We went on our first vacation! To Marsa Shagra, Egypt to learn how dive to be exact. It’s beautiful right? It’s still kind of hard to believe we just spent a week there.

Marsa Shagra is a small village in the south of Egypt. It’s about four hours south of Luxor, and sits right on the coast of the Red Sea. We flew into Marsa Alam airport, and then it was about a 30 min car ride to the resort. Egypt is literally a desert. Hah, I know that sounds so ridiculous because of course its a desert, but it’s really made apparent when you’re driving on the only road through a sea of dirt and sand.

We stayed in the Marsa Shagra Village which is one of three owned by Red Sea Diving Safari. They aren’t your typical resort as they advertise themselves as “The Eco-diving Adventure”, and this ended up being exactly what we were looking for. For starters, most people stay in “tents”.

There are two types, regular and royal. We opted for the royal tent, and completely lucked out because ours was front row on the Red Sea! They did have electricity so we had 2 small lamps and a mini-fridge. Most importantly, the royal tent came with bean bag chairs.

You could also opt to stay in a one room hut, or a two room chalet. The tents and huts used communal bathrooms around the property, but the chalets had their own. The communal bathrooms really weren’t an issue. Each one had 3 toilets and 3 showers, and were cleaned multiple times per day. The only downfall is having to pee in the middle of the night…

The huts.

We spent a lot of our down time sitting on our “porch” reading and watching. The great part about this place was if you were at your tent then you really felt like you were away from it all. And at night (when the moon wasn’t too bright) you could just stare at the stars. I was pretty excited by this since we don’t see many stars in the city. In my opinion, it was beach camping at it’s finest.
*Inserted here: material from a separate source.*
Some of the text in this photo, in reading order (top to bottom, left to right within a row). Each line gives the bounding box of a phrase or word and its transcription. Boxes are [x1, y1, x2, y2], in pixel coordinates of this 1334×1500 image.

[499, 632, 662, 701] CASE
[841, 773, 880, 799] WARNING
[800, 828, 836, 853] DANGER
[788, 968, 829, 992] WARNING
If you compare the two pictures below, the one on the right is the view of our resort, and the one on the left is the neighboring. We walked down the beach and through it one day. Everything becomes artificially green, and the music is going, and people are drinking and dancing. None of this is a bad thing, it just wasn’t the experience we wanted.

If we wanted to have a little social interaction then we spent time either hanging out at the Cafeteria, or at the Bawadi Bedouin Lounge. The cafeteria made for some excellent people watching. This was situated right by the diving area so and was scattered with chairs, tables, and beanbags. It was great, because you could get a little sun, sip on your beer (or all inclusive coffee/Fanta/Sprite/Coke), and watch divers come and go.
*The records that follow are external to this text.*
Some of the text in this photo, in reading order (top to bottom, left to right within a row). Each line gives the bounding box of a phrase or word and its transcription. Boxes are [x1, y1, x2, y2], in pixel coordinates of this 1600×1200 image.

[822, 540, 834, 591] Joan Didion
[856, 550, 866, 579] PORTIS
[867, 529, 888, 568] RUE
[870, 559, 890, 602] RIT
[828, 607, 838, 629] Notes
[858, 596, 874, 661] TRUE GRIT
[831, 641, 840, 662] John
The Bawadi Bedouin Lounge was on the property but not run by the resort itself. It was run by people from the local Bedouin tribe in the area. They had beer, coffee, hookas and you could have dinner there on request. Mostly we just stopped by for a beer on our way ‘home’ for the night after a day in the sun.

As I mentioned before, your basic drinks were all inclusive as were meals. Breakfast, lunch and dinner were included and served in the Restaurant which had an outdoor seating area overlooking the sea and the diving area. The panoramic picture in the beginning was our view from breakfast. I think one of my favorite parts of the whole trip was waking up with the sun, going to breakfast, and having coffee with that view!

The food was incredible! Breakfast was usually the same, but lunch and dinner were always changing. Each night supposedly had a nation theme, but we were never entirely sure what nation. Hah. The only one we were ever sure of was Egyptian night because they labeled the traditional Egyptian dishes as such. And the dessert table! Oh sweet glorious dessert table. So much cake! and little cookies! and one night these chocolate cookie dough type balls! We were living the desert dessert dream!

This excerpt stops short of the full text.